By David Boles, Local Journalism Initiative Reporter, St. Albert Gazette
Drivers across Alberta are experiencing sticker shock at the price of gas, and data seems to indicate the price at the pumps may not be done rising.
“The Canadian average is now at about at $1.87 a litre,” said Gasbuddy Head of Petroleum Analysis Patrick DeHaan.
A barrel of West Texas Intermediate closed trading on Monday, May 4, at over $104, while Western Canadian Select was well over $78 a barrel.
Prices are likely to keep rising, as DeHaan says the war in Iran has caused supply issues, impacting global oil markets by 18 to 20 million barrels a day.
Another issue affecting things in Alberta and the rest of the Canadian prairies are major issues with refineries in the United States.
“Some of those refinery issues are temporary in nature.
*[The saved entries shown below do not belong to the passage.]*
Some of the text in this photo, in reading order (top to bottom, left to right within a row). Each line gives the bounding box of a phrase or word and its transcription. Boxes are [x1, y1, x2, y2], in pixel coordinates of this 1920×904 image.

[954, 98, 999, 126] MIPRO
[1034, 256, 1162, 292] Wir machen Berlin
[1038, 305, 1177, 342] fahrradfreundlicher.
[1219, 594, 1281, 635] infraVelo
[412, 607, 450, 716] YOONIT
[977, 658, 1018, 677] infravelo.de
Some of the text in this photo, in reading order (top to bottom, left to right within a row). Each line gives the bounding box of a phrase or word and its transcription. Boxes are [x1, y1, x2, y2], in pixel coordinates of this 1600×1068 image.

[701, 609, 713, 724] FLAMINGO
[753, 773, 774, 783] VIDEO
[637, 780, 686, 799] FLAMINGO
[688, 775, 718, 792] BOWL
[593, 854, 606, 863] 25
Some of them may be longer lasting,” said DeHaan.
To provide relief at the pumps, Prime Minister Mark Carney announced last month that the federal government has suspended the tax on gasoline and diesel, which the PMO expects to save 10 cents a litre on gasoline.

In Alberta, the UCP government is considering removing at least part of, if not all of, the provincial gas tax as legislated under the Fuel Tax Relief Program.
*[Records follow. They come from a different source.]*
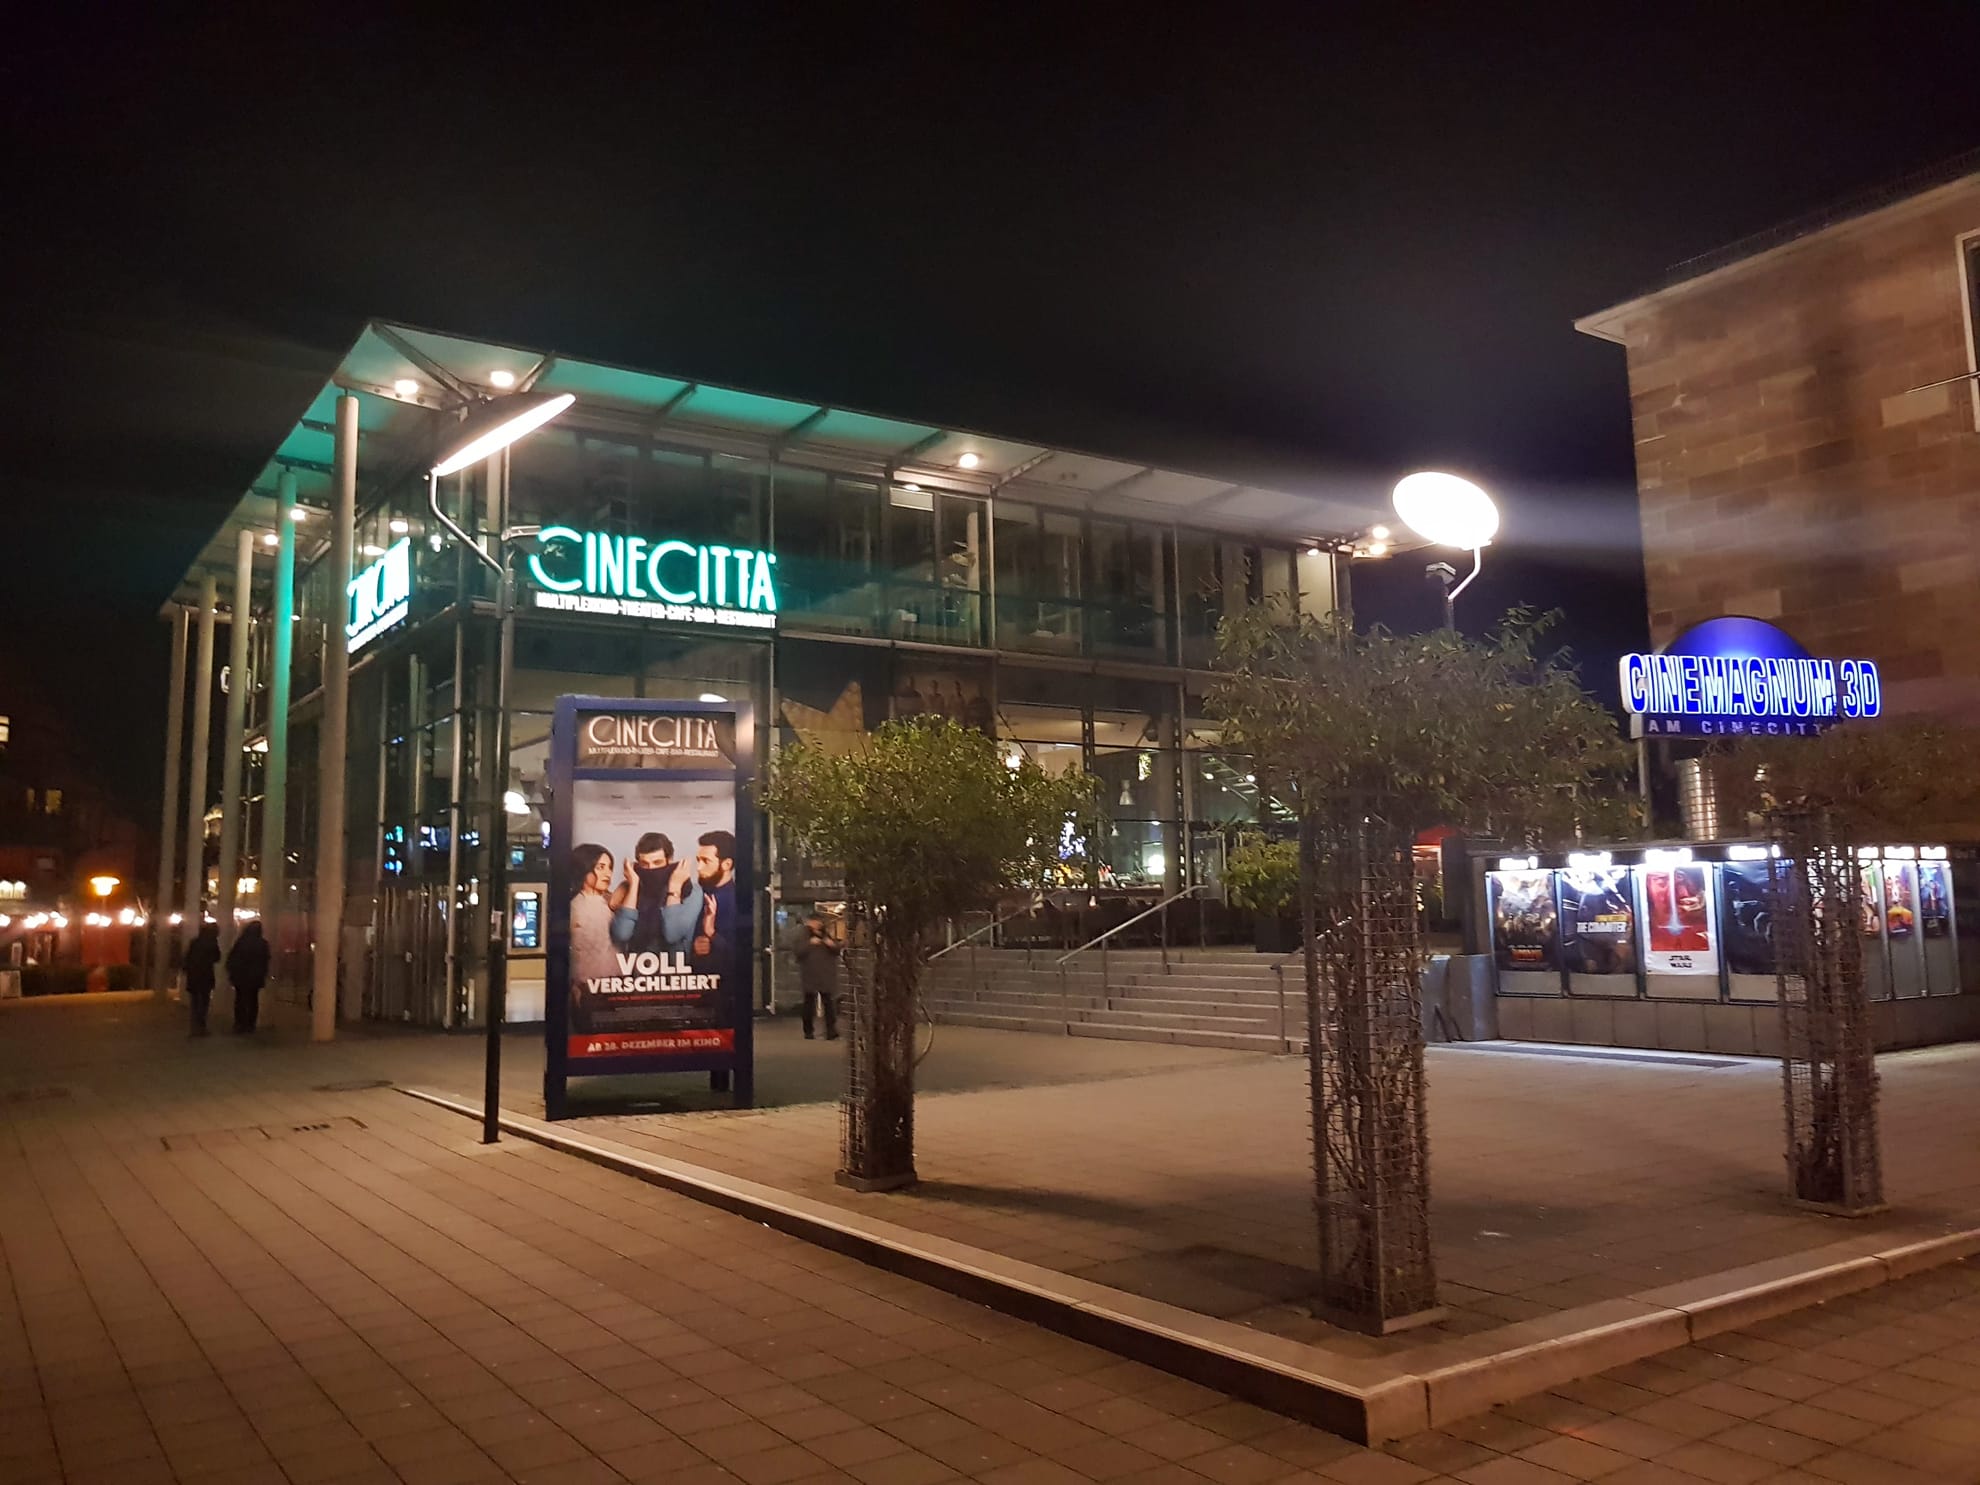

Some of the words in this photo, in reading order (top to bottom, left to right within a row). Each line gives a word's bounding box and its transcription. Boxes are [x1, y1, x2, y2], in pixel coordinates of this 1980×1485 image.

[1625, 653, 1837, 718] CINEMAGNUM
[1840, 659, 1882, 718] 3D
[1648, 720, 1681, 733] AM
[1701, 720, 1833, 736] CINECITT
[616, 951, 692, 976] VOLL
[586, 974, 721, 994] VERSCHLEIERT
[587, 1042, 602, 1053] AB
[621, 1039, 676, 1050] DEZEMBER
[677, 1038, 691, 1048] IM
[693, 1037, 721, 1047] KINO
A statement from the Ministry of Finance, Nate Horner’s office says a review period will run from May 15 through June 15 for the quarter beginning July 1. The current legislation dictates that if oil prices exceed $90 a barrel, the fuel tax is lifted.
According to GasBuddy data, Alberta currently has the lowest gas prices in Canada.
However, DeHaan says all of that may not matter if the Strait of Hormuz stays logjammed.
“Oil prices can continue to go up until demand drops, and there’s no telling if that point is $130, $150, or even $200 a barrel,” said DeHaan. “That’s kind of the unnerving part of this is that the sky is, in theory, the limit.”